На следующий день он зашел ко мне в отель, и мы отправились на прогулку. Проходя по улицам, я особенно отметил то, что замечал и во время наших предыдущих прогулок: у Толстого в карманах было великое множество мелких русских монет; об этом явно знали тучи нищих, кишащих в Кремле и вообще в общественных местах, и он всегда подавал им.

Когда я заговорил об этом, он сказал, что, по его мнению, каждый, когда у него просят денег, должен их давать. Возражая против этого доктринального положения, я заметил, что в Соединенных Штатах практически нет нищих, и мог бы продолжить обсуждение этого вопроса с политико-экономической точки зрения, показывая, как подобная беспорядочная раздача милостыни постоянными мелкими подачками неизбежно порождает ту абсурдную и безнравственную систему, которую мы видим по всей России, — орды мужчин и женщин, способных позаботиться о себе и стоящих неизмеримо выше нищенства, которые унижаются и клянчат у прохожих подаяние; но я узнал этого человека достаточно хорошо, чтобы быть уверенным: политико-экономический аргумент отскочит от него, как вода от утиной спины, поэтому я попытался зайти с другой стороны и сказал: «В Соединенных Штатах практически нет нищих, хотя мои соотечественники, я искренне в это верю, принадлежат к числу самых милосердных в мире». С последним утверждением он согласился, упомянув в общих чертах о наших поставках продовольствия для помощи голодающим в России. «Но, — добавил я, — у нас не принято подавать нищим, за исключением особых чрезвычайных обстоятельств». Затем я рассказал ему о некоторых американских церковных организациях, которые заготавливали поленницы дров и тем самым позволяли любому трудоспособному бродяге, распилив или расколов часть их, заработать хороший завтрак, хороший обед и, при необходимости, хорошую постель, показав ему, что американцы считают нищенство не только главным источником пауперизма, но и абсолютным унижением для самого нищего, поскольку оно ставит его в положение просителя того, на что он, если трудится как положено, может претендовать по праву; и что для меня зрелище графа Толстого, фактически позирующего в роли высшего существа, в то время как его соотечественники-русские приползали к нему и скулили, выглядело вовсе не поучительно. К такому взгляду на вещи он отнесся весьма вежливо.

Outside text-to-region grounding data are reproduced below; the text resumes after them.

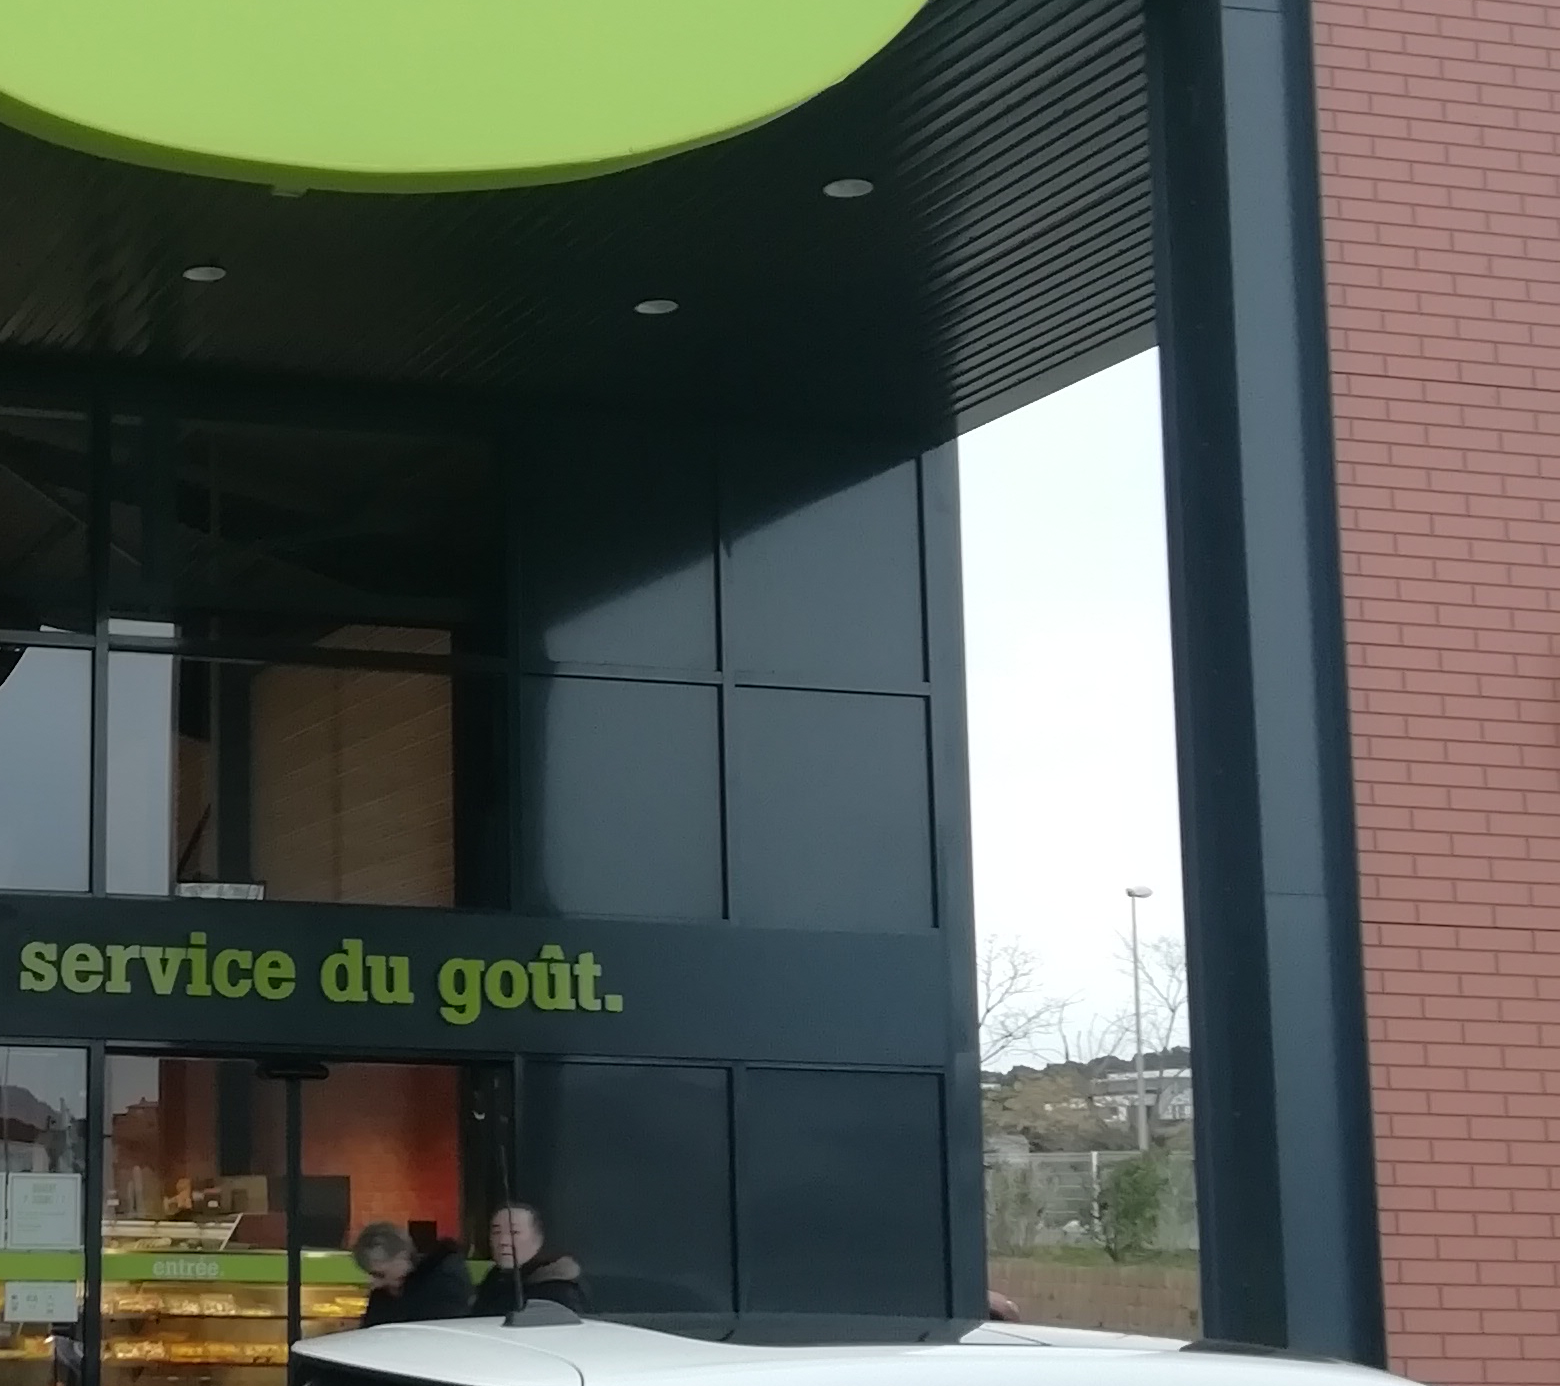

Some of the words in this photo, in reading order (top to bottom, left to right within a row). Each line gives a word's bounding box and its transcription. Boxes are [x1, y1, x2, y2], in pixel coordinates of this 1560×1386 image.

[20, 931, 297, 1000] service
[321, 938, 415, 1004] du
[439, 943, 624, 1026] goût.
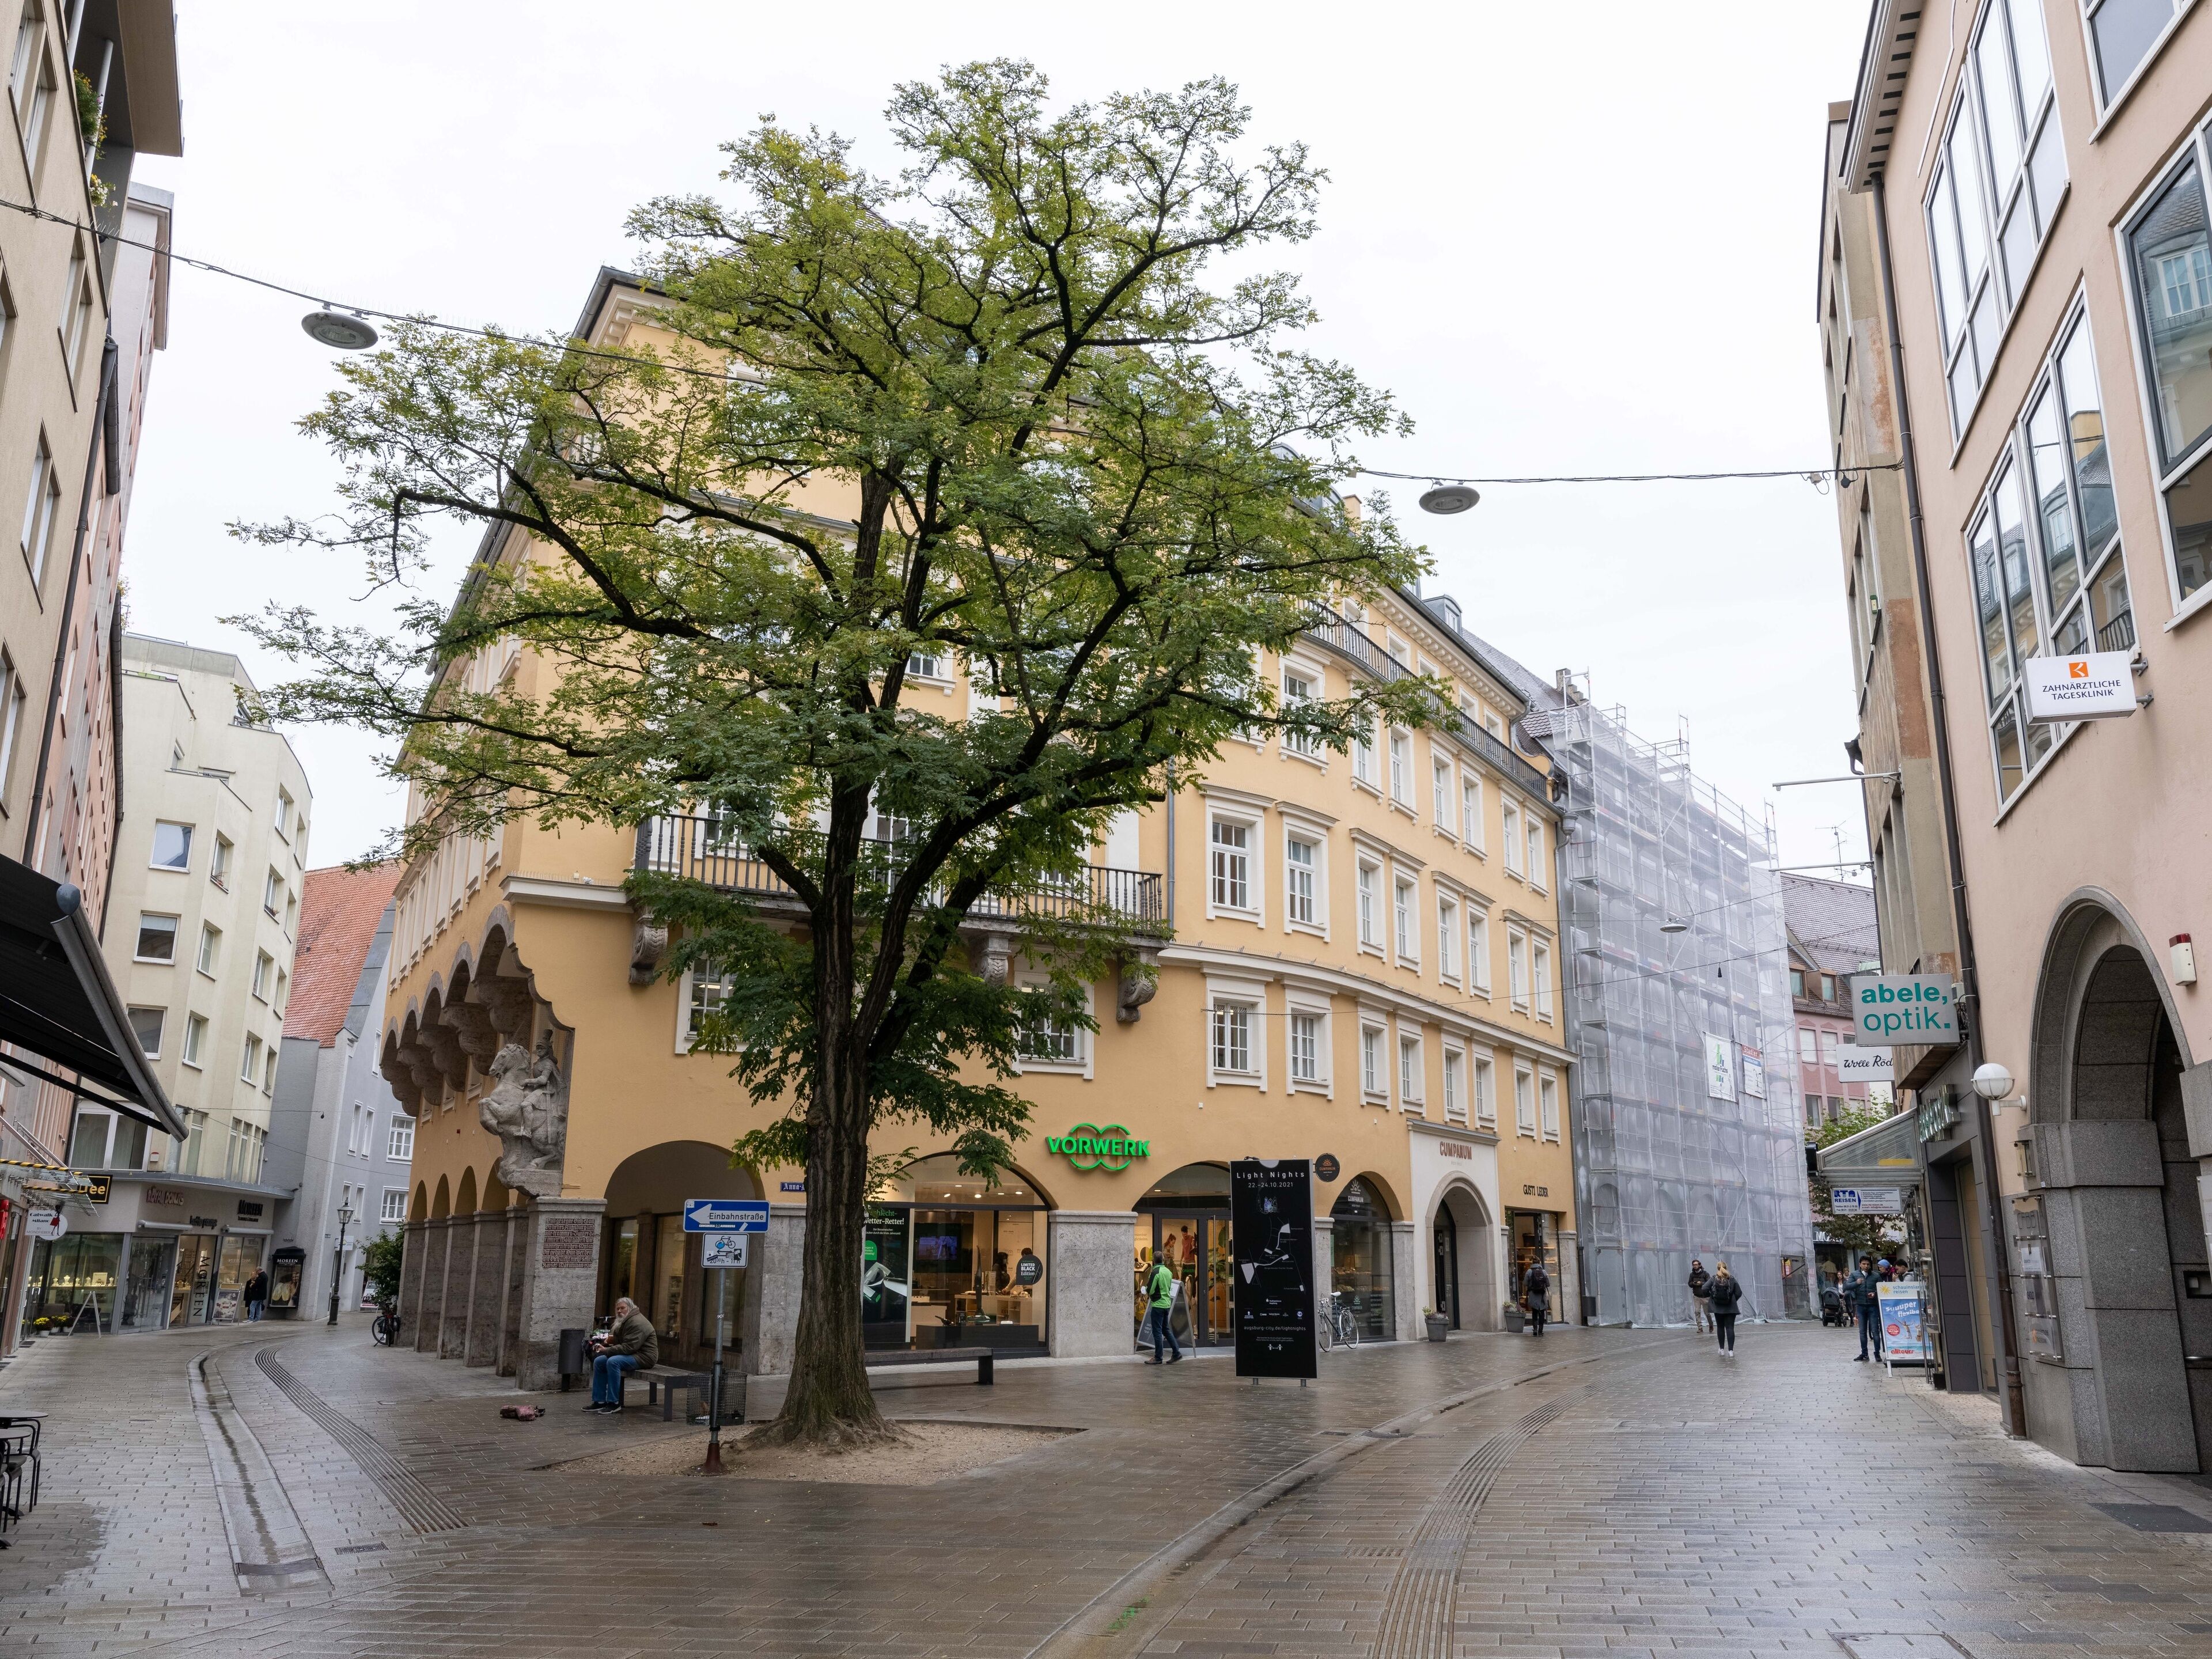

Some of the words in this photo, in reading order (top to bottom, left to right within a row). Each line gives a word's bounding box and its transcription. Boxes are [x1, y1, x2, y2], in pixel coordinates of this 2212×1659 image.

[2042, 680, 2121, 692] ZAHNÄRZTLICHE
[2051, 689, 2114, 700] TAGESKLINIK
[1861, 983, 1948, 1005] abele,
[1863, 1007, 1950, 1036] optik.
[1844, 1059, 1869, 1068] Wolle
[1046, 1136, 1151, 1157] VORWERK
[1440, 1141, 1472, 1160] CUMPANUM
[1236, 1172, 1263, 1180] Light
[1523, 1184, 1536, 1196] GUSTI
[1537, 1186, 1549, 1198] LEDER
[192, 1255, 211, 1317] MOREEN
[1897, 1309, 1920, 1317] flexibe
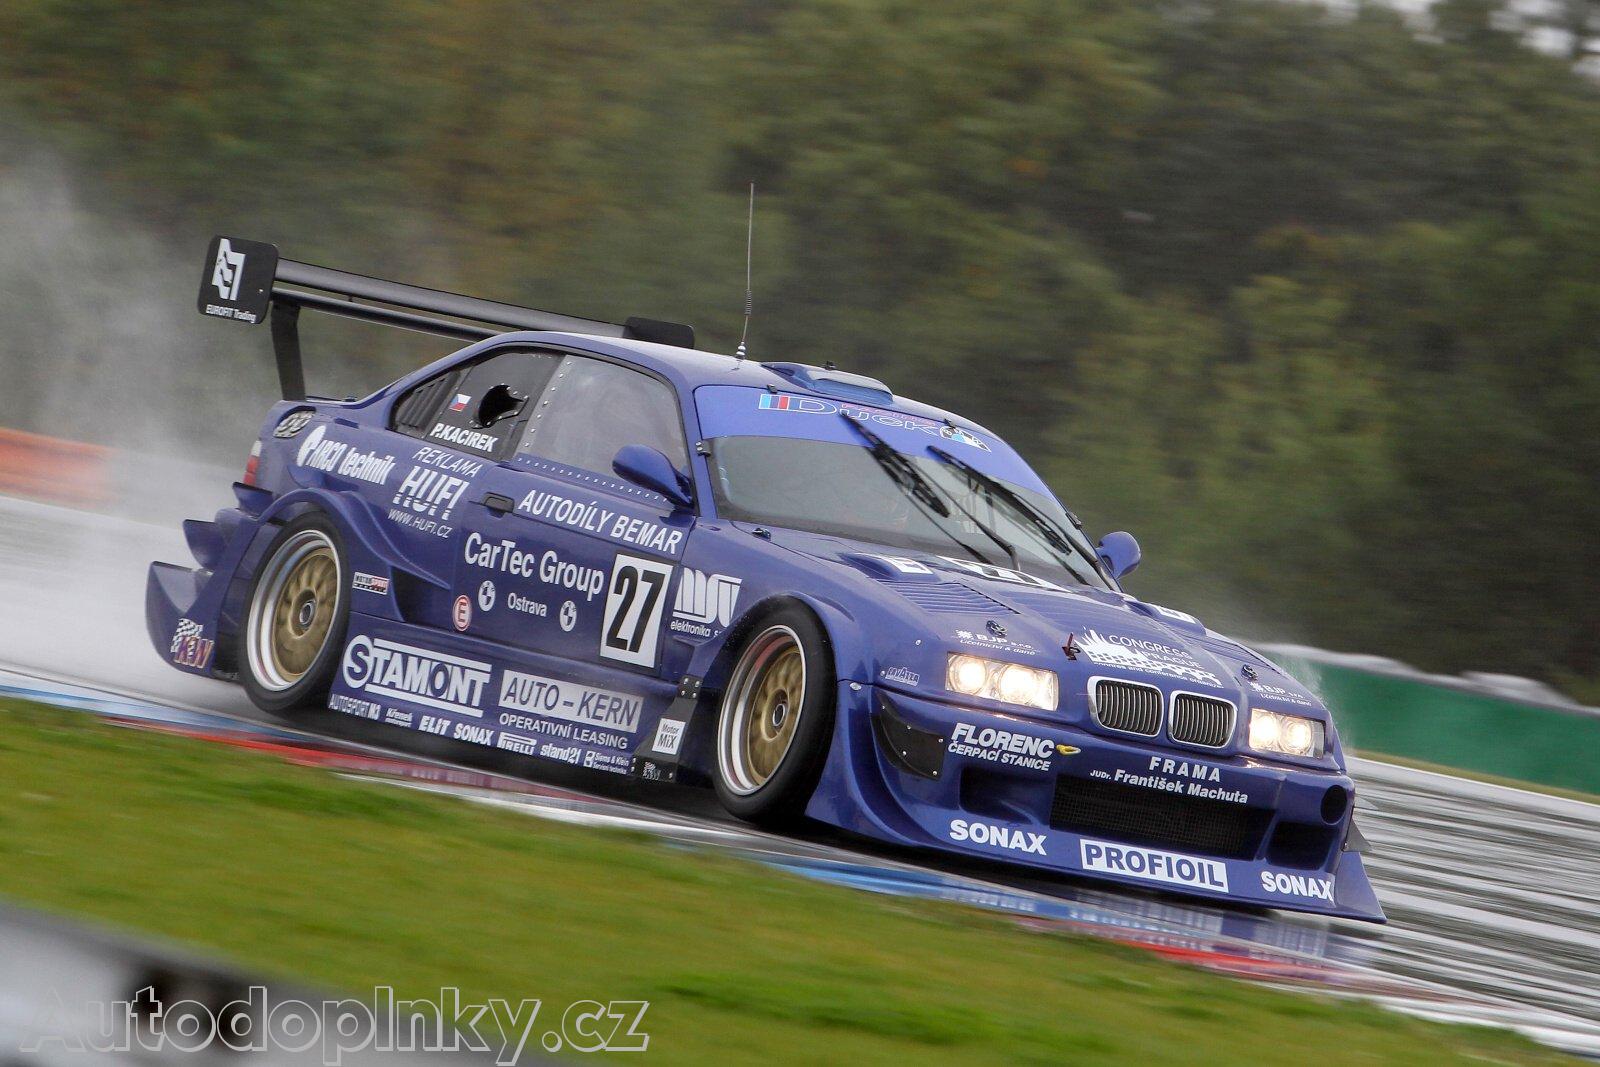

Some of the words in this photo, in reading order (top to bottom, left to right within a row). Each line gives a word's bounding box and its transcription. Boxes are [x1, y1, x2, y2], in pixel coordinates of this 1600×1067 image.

Между делом я выразил удивление, что он так мало путешествовал. Тогда он отозвался о путешествиях с некоторым неодобрением. Он жил за границей некоторое время, сказал он, и в Санкт-Петербурге несколько лет, но остальная его часть жизни прошла главным образом в Москве и глубинке России. Чем больше мы беседовали, тем яснее становилось, что это последнее обстоятельство объясняет некоторые из его главных недостатков. Из всех выдающихся людей, которых мне доводилось встречать, Толстой, как мне кажется, более всех нуждается в том расширении кругозора и здоровой модификации взглядов, которые приходят от встреч с людьми и сопоставления мнений с ними в разных странах и при разных условиях. Эта потребность тем более остра, что в России нет возможности обсуждать по-настоящему важные вопросы. Среди всех ста двадцати миллионов человек нет ни единого общественного органа, в котором разрешалось бы обсуждение крупных общественных вопросов; пресса не предоставляет реальной возможности для дискуссий; более того, более чем сомнительно, чтобы подобное обсуждение было позволено в какой-либо эффективной степени даже в частной переписке или у собственного домашнего очага.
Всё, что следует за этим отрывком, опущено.